Jonah Bromwich decodes Decoded so you don’t have to.

1. I knew Marcy Projects wasn’t Mt. Holyoke before I started Decoded but three scenes from Jay’s old neighborhood really struck me. According to Jay, kids in Marcy would go up to “leaning nodders” (heroin addicts ) and push them off the benches they were sleeping on “the way kids on farms tip sleeping cows.” (pg. 4) And girl gangs like the Deceptinettes (the female version of the Decepticons) were “broads who would just walk up to grown men and punch them in their faces so hard they’d drop.” (pg. 13) Finally, Hova’s first drug connect was murdered like “something out of a mob movie. They cut his balls off and stuffed them in his mouth and shot him in the back of the head, execution style.” (p. 15)
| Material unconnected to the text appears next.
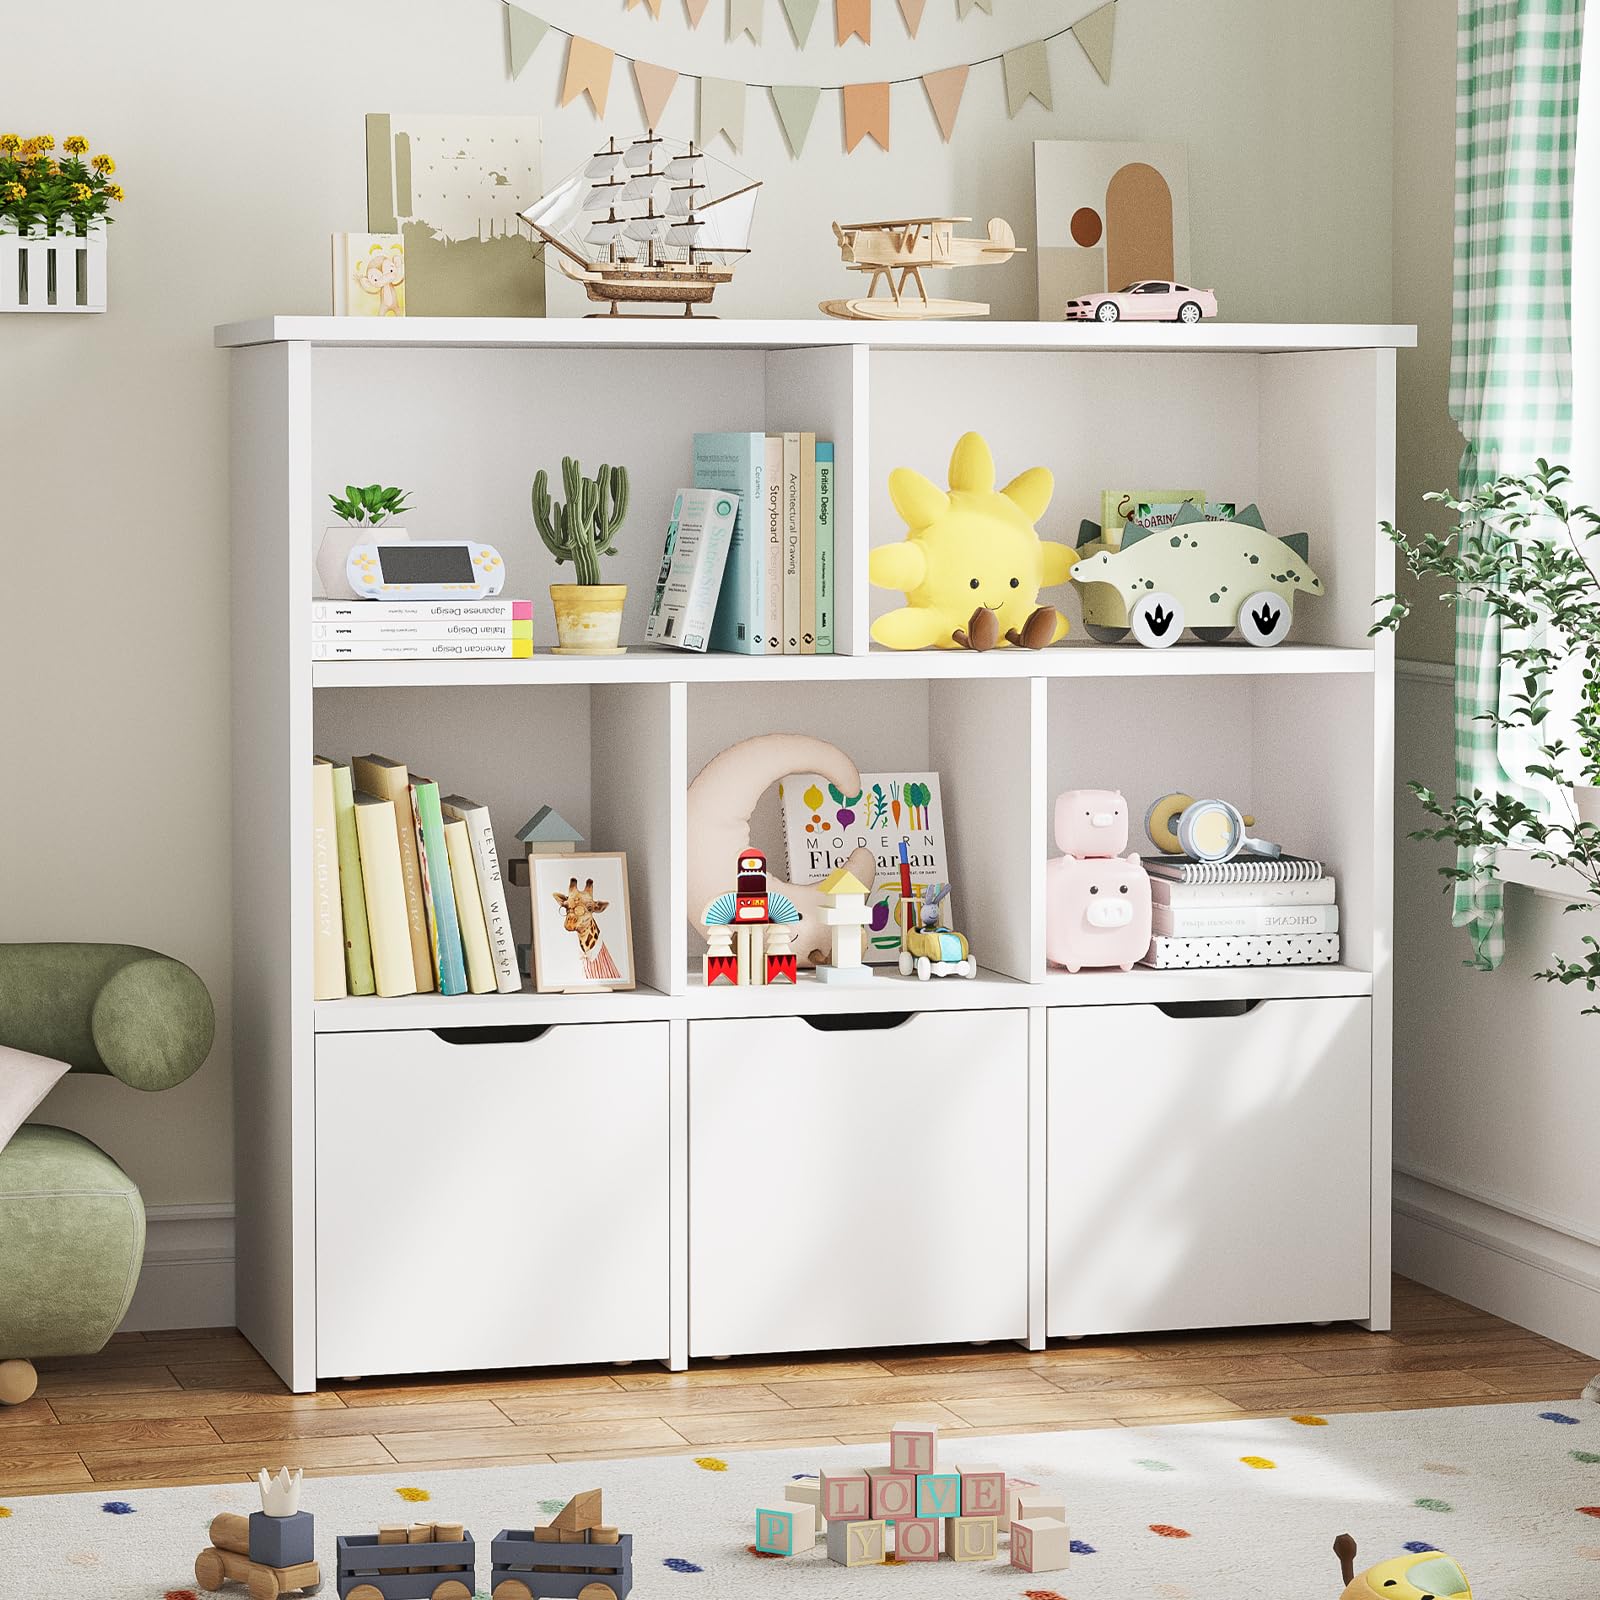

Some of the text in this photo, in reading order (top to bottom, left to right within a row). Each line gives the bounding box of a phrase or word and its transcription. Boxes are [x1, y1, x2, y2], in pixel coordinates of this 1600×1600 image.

2. It turns out Jay had Hammer on the brain before he recorded his verse for “So Apalled.” He references Stanley Burrell twice. The first time, he notes that “even when [Hammer] was spinning around with his pants billowing all around him, you could see in his eyes that this was still a nigga from the hood. Sean is a bit more careful about hurting Hammer’s feelings in print though. In discussing the man’s fall he writes “It’s no dis to Hammer to say that it was shocking to watch it happen.” (pg. 93) He’s a bit less delicate when talking about Hammer’s attempt to become a gangster stating “Really? Please don’t. You don’t have to! (italics his). (pg. 249)

3. When discussing the Kanye-50 sales battle, Jay points out that he had his own battle with Curtis. Apparently, The Black Album and Beg for Mercy came out the same week and 50, (of course) “got on the radio and announced he was putting money on Beg for Mercy outselling Jay’s pseudo-retirement album. Not only did the G-Unit debut lose to The Black Album (despite containing the all-time classic single “I Smell Pussy”) but it also lost to the Resurrection soundtrack. Jay says that there was “something beautiful” about competing with Tupac rather than 50. (pg. 71)

4. Jay-Z thinks that “Beach Chair” is “one of the hidden jewels of his catalogue.” (pg. 278)

5. Jay’s first memory of Dame Dash might be tainted by their more recent history. When he describes their meeting he calls Dame “a Harlem dude through and through—flashy, loud, animated. According to Hov’ ‘Harlem cats “enter every room like it’s a movie set and they’re the star of the flick.” However he does give credit where credit’s due, remembering that Dame was “entertaining” but “serious, with real vision.” (pg. 237)

6. Giving credit where it’s due is a bit of a theme in this book. On the page which explicates “Renegade” he calls Eminem’s verse “absolutely fucking brilliant” and points out that, off the merits of that verse, Eminem is the only guest on The Blueprint. (pg. 104) He also includes the story of the Scarface verse on “This Can’t Be Life” which is always worth hearing about. Scarface learned that his good friend’s kid had just died. Instead of rescheduling the recording session Scarface went into a room and wrote a verse about the loss, meaning that Scarface wrote one of the better rap verses of all time in a matter of minutes. (pg. 270)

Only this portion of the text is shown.